◆ **Exercise instructions**
Every entry is to be returned exactly as it stands; the pictures are to be dropped.

- Opening Delimiter -

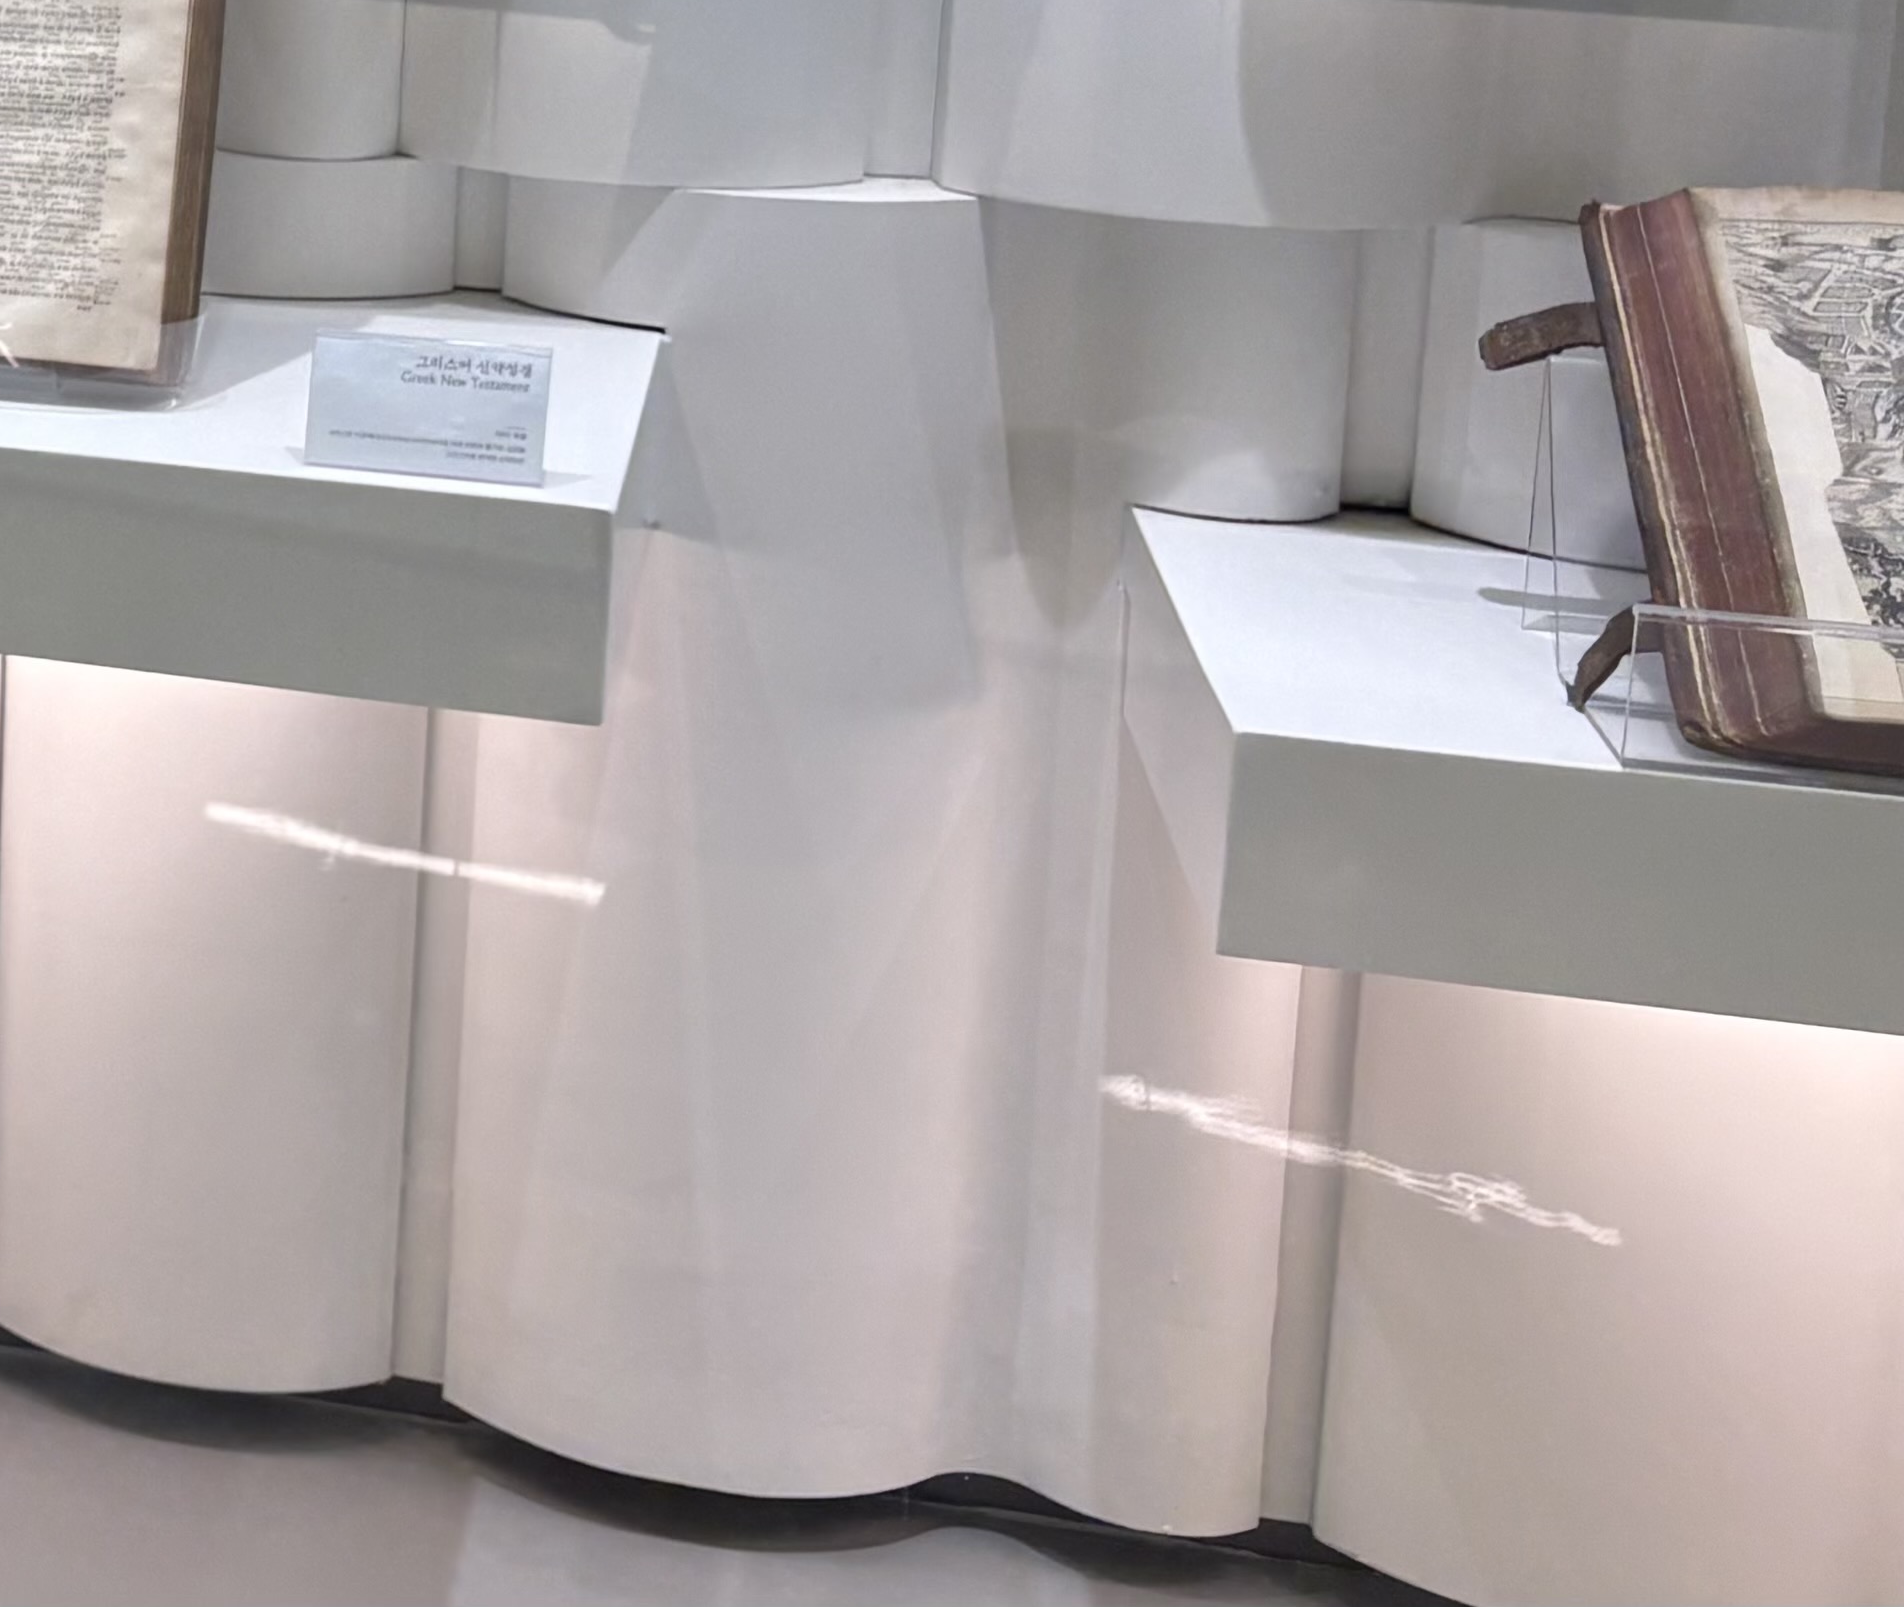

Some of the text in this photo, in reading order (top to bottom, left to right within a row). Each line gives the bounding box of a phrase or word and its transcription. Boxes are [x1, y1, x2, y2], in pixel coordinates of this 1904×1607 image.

[401, 371, 531, 393] Greek New Testament
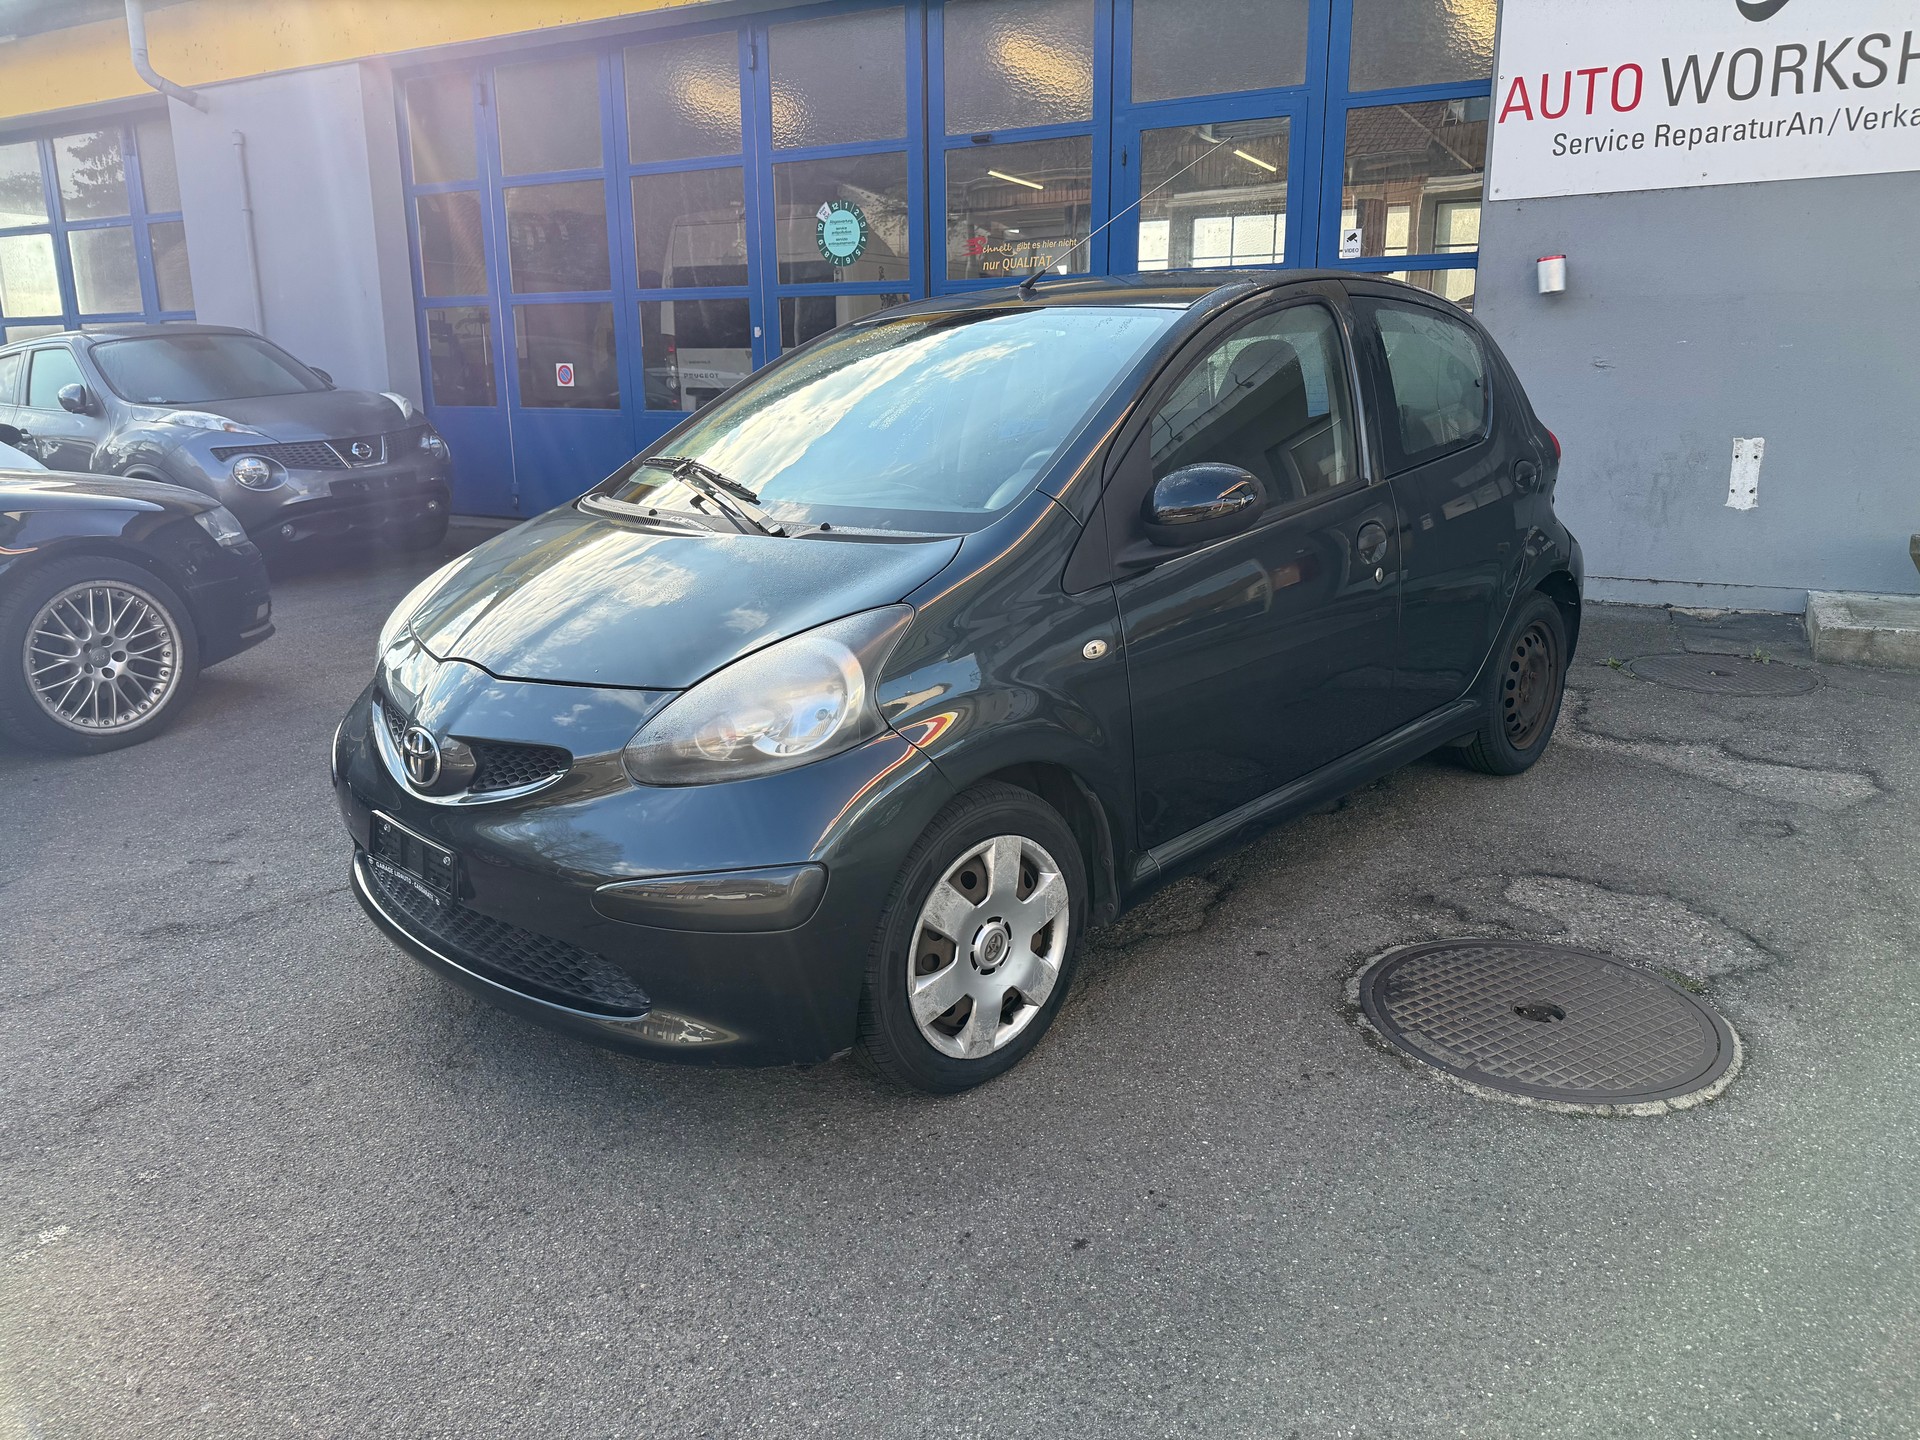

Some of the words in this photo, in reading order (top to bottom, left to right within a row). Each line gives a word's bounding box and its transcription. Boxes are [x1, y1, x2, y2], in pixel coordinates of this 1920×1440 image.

[1498, 63, 1643, 123] AUTO
[1552, 128, 1645, 157] Service
[1016, 241, 1031, 251] gibt
[1042, 240, 1057, 248] hier
[1058, 238, 1077, 247] nicht
[983, 261, 1000, 270] nur
[1002, 254, 1052, 271] QUALITÄT
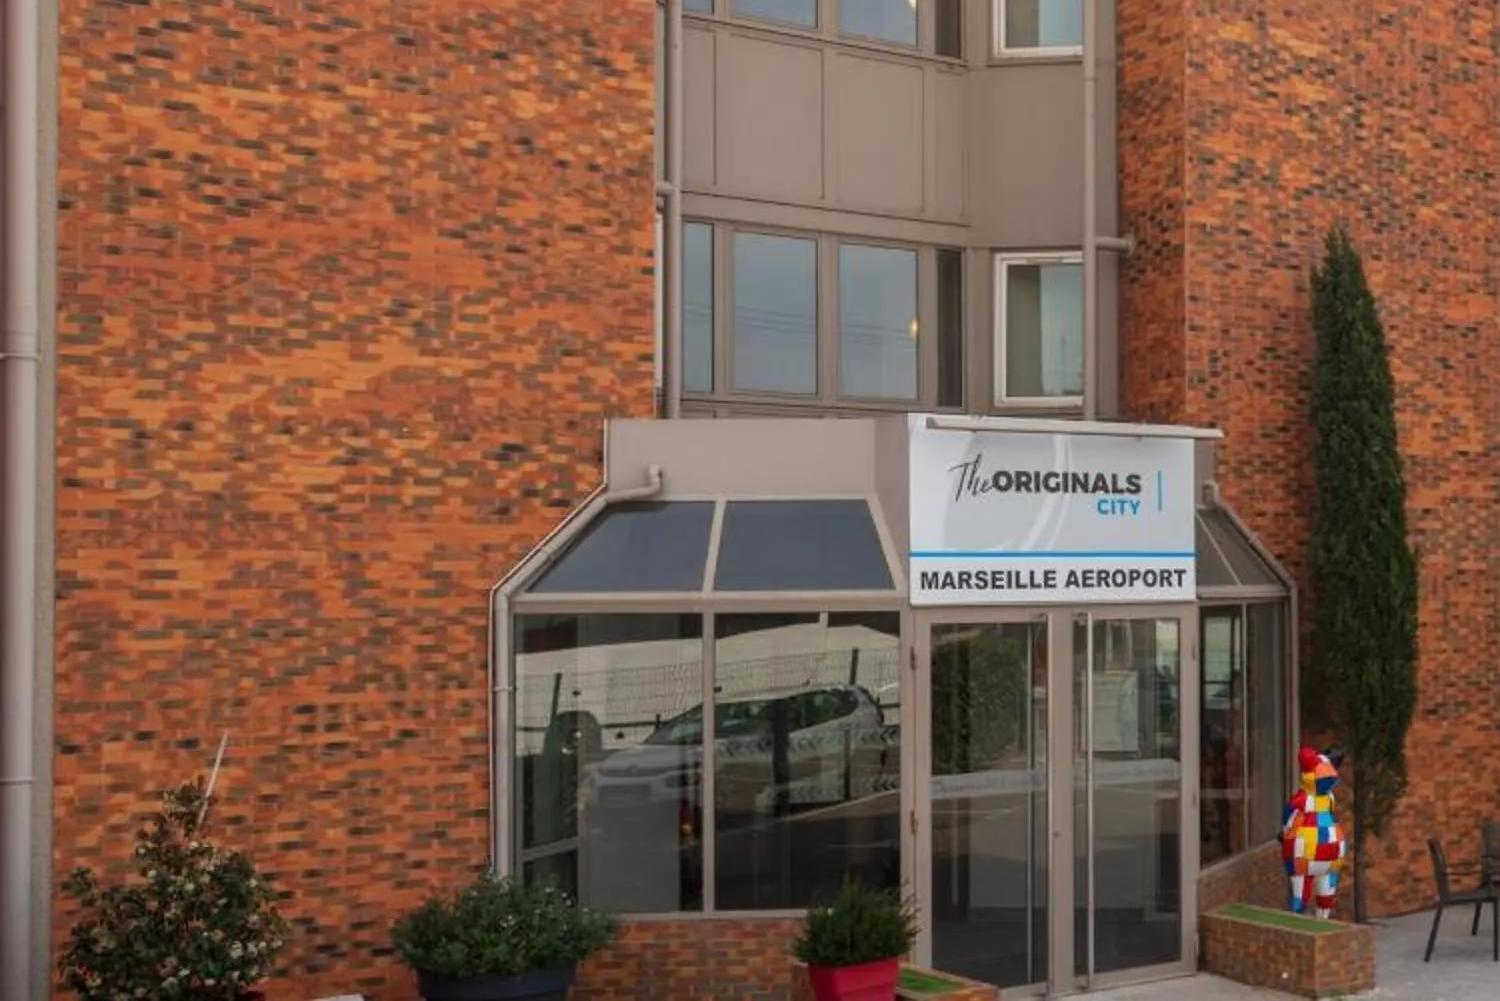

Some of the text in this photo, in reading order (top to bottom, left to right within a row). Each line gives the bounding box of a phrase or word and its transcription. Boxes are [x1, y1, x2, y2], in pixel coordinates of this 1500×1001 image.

- Closing Delimiter -

◆ **Task answer**
Some of the text in this photo, in reading order (top to bottom, left to right within a row). Each line gives the bounding box of a phrase or word and its transcription. Boxes are [x1, y1, x2, y2], in pixel coordinates of this 1904×1607 image.

[401, 371, 531, 393] Greek New Testament

Some of the words in this photo, in reading order (top to bottom, left to right within a row). Each line gives a word's bounding box and its transcription. Boxes are [x1, y1, x2, y2], in pixel coordinates of this 1920×1440 image.

[1498, 63, 1643, 123] AUTO
[1552, 128, 1645, 157] Service
[1016, 241, 1031, 251] gibt
[1042, 240, 1057, 248] hier
[1058, 238, 1077, 247] nicht
[983, 261, 1000, 270] nur
[1002, 254, 1052, 271] QUALITÄT

Some of the text in this photo, in reading order (top to bottom, left to right within a row). Each line gives the bounding box of a phrase or word and its transcription. Boxes are [x1, y1, x2, y2], in pixel coordinates of this 1500×1001 image.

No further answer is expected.